▶ _WORK TASK_
Skip every line before the one containing "this 1504×1000 image.", then copy that line and the rest of the entries below exactly, through the last line.

RECORDS SUPPLIED: Begin

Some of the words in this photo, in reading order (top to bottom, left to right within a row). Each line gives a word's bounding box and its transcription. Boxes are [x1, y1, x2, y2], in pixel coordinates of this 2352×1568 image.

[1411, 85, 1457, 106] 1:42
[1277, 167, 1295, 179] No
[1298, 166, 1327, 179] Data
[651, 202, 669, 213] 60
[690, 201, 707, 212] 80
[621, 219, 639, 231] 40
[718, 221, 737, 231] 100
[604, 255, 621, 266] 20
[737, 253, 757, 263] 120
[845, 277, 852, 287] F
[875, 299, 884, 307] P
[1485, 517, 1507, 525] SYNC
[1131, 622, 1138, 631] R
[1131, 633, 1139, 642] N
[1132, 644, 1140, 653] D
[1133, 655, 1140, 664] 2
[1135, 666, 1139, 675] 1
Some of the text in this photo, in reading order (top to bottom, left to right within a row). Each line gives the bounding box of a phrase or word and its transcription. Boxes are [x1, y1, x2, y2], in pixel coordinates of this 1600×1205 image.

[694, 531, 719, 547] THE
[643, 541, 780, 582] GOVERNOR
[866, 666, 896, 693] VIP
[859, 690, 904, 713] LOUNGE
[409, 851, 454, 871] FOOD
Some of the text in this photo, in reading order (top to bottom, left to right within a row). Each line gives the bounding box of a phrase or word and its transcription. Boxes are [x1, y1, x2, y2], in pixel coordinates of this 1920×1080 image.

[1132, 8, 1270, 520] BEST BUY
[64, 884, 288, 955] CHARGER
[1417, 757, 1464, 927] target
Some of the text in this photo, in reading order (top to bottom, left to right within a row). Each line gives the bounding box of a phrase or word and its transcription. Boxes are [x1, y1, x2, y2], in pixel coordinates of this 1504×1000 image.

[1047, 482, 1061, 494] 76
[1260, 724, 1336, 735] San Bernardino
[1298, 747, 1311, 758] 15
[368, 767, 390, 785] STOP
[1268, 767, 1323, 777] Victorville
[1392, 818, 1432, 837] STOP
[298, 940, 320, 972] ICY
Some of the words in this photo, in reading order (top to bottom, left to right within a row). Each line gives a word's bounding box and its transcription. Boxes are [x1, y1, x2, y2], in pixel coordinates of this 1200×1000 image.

RECORDS SUPPLIED: End

▶ _EXPECTED OUTPUT_
Some of the text in this photo, in reading order (top to bottom, left to right within a row). Each line gives the bounding box of a phrase or word and its transcription. Boxes are [x1, y1, x2, y2], in pixel coordinates of this 1504×1000 image.

[1047, 482, 1061, 494] 76
[1260, 724, 1336, 735] San Bernardino
[1298, 747, 1311, 758] 15
[368, 767, 390, 785] STOP
[1268, 767, 1323, 777] Victorville
[1392, 818, 1432, 837] STOP
[298, 940, 320, 972] ICY
Some of the words in this photo, in reading order (top to bottom, left to right within a row). Each line gives a word's bounding box and its transcription. Boxes are [x1, y1, x2, y2], in pixel coordinates of this 1200×1000 image.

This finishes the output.